Why the broadcast flag should go forward | Perspectives | CNET News.com

May 28, 2005 | Intellectual Property | By: Mark VandeWettering

Dan Glickman, CEO of the MPAA has an editorial running on news.com entitled: Why the broadcast flag should go forward. I urge you to go read it and think about it.

A federal appeals court ruled that when the FCC mandated that all manufacturers of digital video equipment must implement and support the use of a Broadcast Flag by July 1 of this year, they considerably overstepped their powers granted to them by Congress. The FCC took the rather shocking stance that there powers are implied, rather than enumerated by Congress, and that they were free to effect mandates without legislative oversight, permission, or the involvement of the public.

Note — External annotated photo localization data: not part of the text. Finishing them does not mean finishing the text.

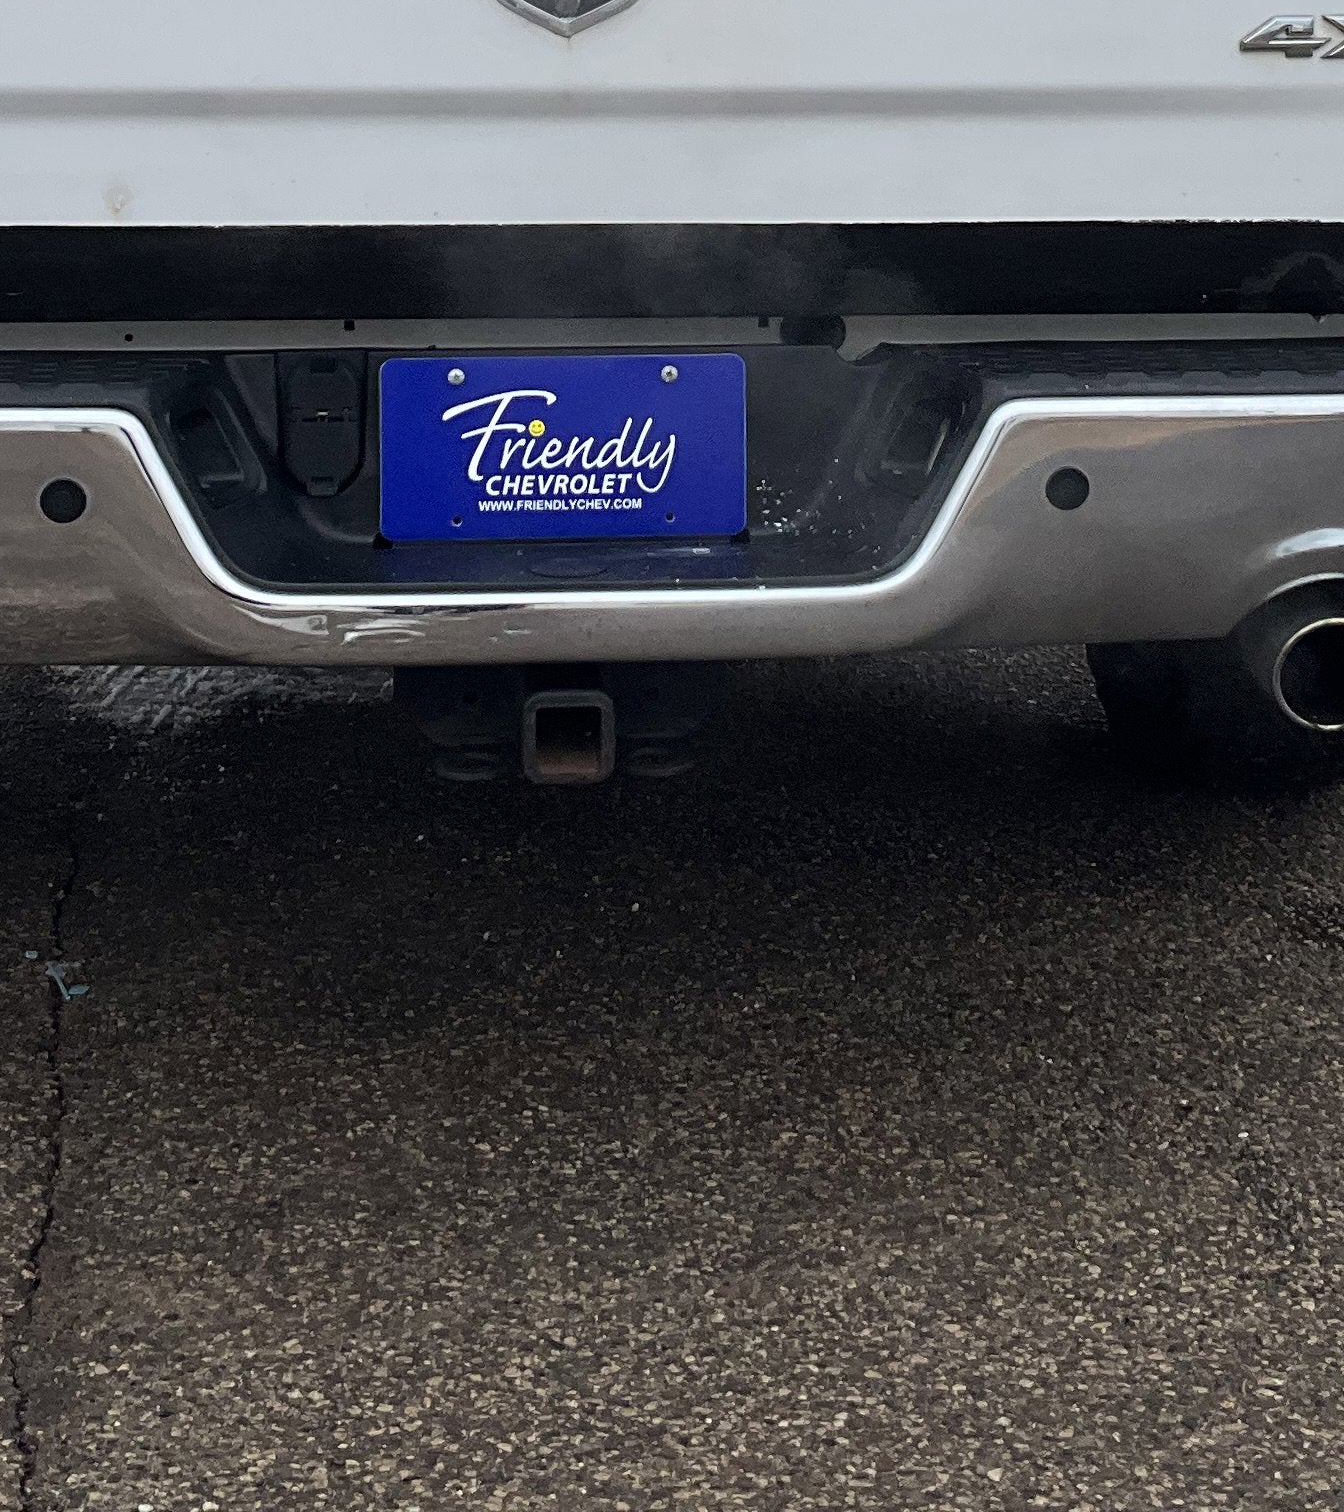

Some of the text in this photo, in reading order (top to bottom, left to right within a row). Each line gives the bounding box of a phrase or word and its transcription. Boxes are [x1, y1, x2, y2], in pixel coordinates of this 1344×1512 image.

[441, 389, 676, 494] Friendly
[485, 471, 633, 497] CHEVROLET
[478, 497, 643, 513] WWW.FRIENDLYCHEV.COM
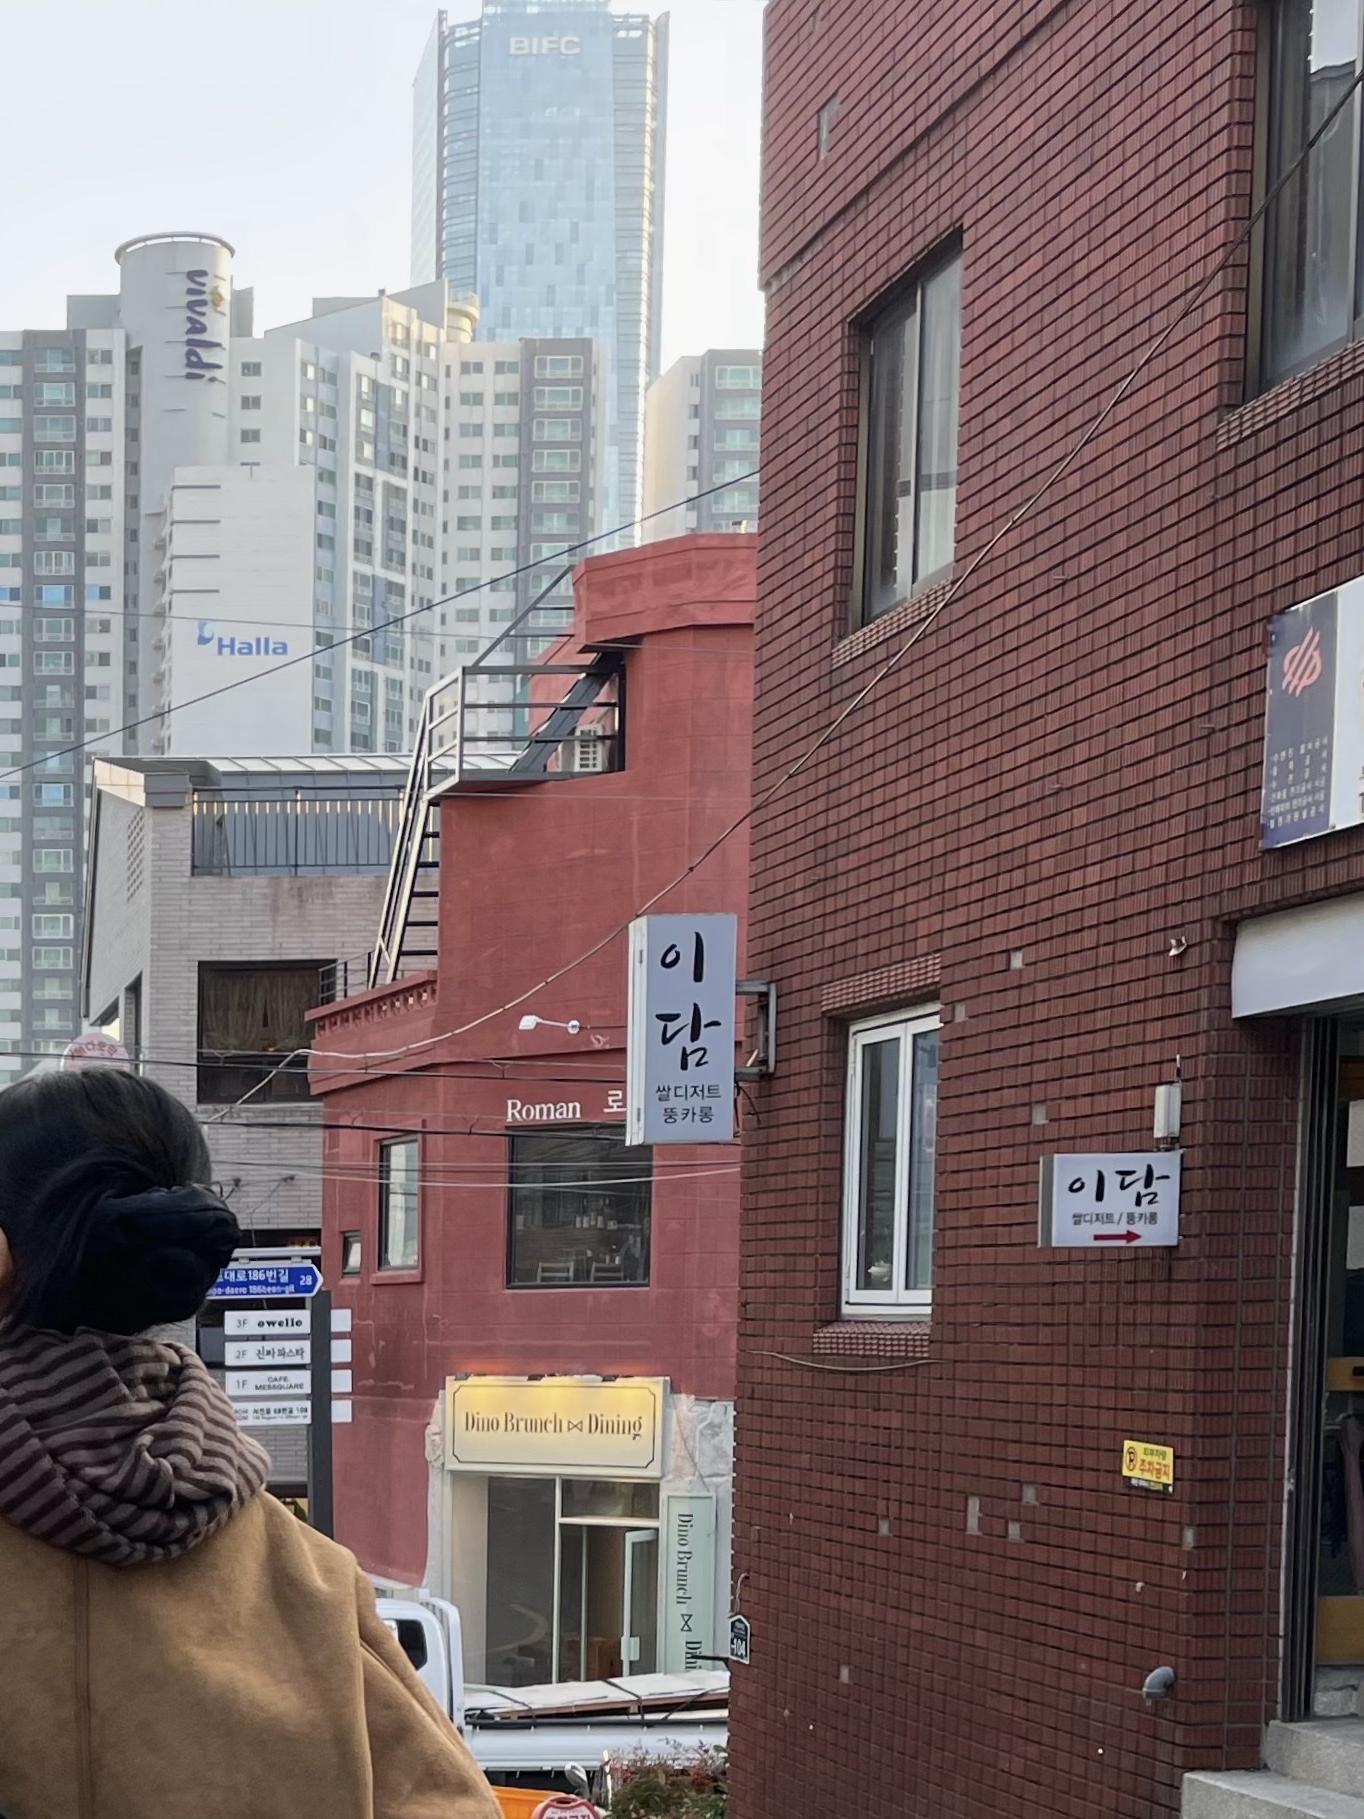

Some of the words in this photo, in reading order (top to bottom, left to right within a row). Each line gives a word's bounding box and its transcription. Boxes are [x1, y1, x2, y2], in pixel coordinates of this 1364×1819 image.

[509, 35, 581, 56] BIFC
[185, 269, 224, 382] vivaldi
[217, 636, 288, 656] Halla
[655, 931, 722, 1071] 이담
[655, 1083, 722, 1101] 쌀디저트
[506, 1099, 581, 1121] Roman
[663, 1106, 714, 1124] 뚱카롱
[1068, 1163, 1170, 1207] 이담
[1072, 1212, 1115, 1226] 쌀디저트
[299, 1274, 313, 1286] 28
[236, 1319, 248, 1328] 3F
[235, 1349, 247, 1359] 2F
[236, 1379, 247, 1390] 1F
[465, 1411, 500, 1432] Dino
[503, 1411, 563, 1433] Brunch
[588, 1413, 642, 1440] Dining
[677, 1513, 693, 1547] Dino
[676, 1551, 693, 1604] Brunch

The court naturally held a dim view to this interpretation, and rightly struck down the Broadcast Flag requirement, stating that the FCC did not have statutory authority.

Of course the MPAA is in support of this legislation. Despite Glickman’s claim that this is to “protect the magic of the movies”, it is really quite simple: they want to limit the ability of the public to trade in what they view as their property. For decades, individuals have had the right to record programs and play them back at a later time, or to send these tapes to their friends who may have missed them. They have had the right to record them and amass large tape libraries of shows. The MPAA views this as potential lost revenue, and they want it to stop.

Glickman says:

Our companies want to continue to show their movies and television shows to viewers who don’t or can’t subscribe to cable or satellite systems. But without the broadcast flag, that option will look less and less appealing.

By “less appealling”, he means “we will make less money”. This strikes me as similar to the arguments presented before the Sony case. “The videotape recorder will end movies.” “The entertainment industry will go bankrupt!”

The entertainment industry thought that the glass was half empty. In fact, it wasn’t just half full, it was entirely full. This FUD surrounding the broadcast flag is just more of the same.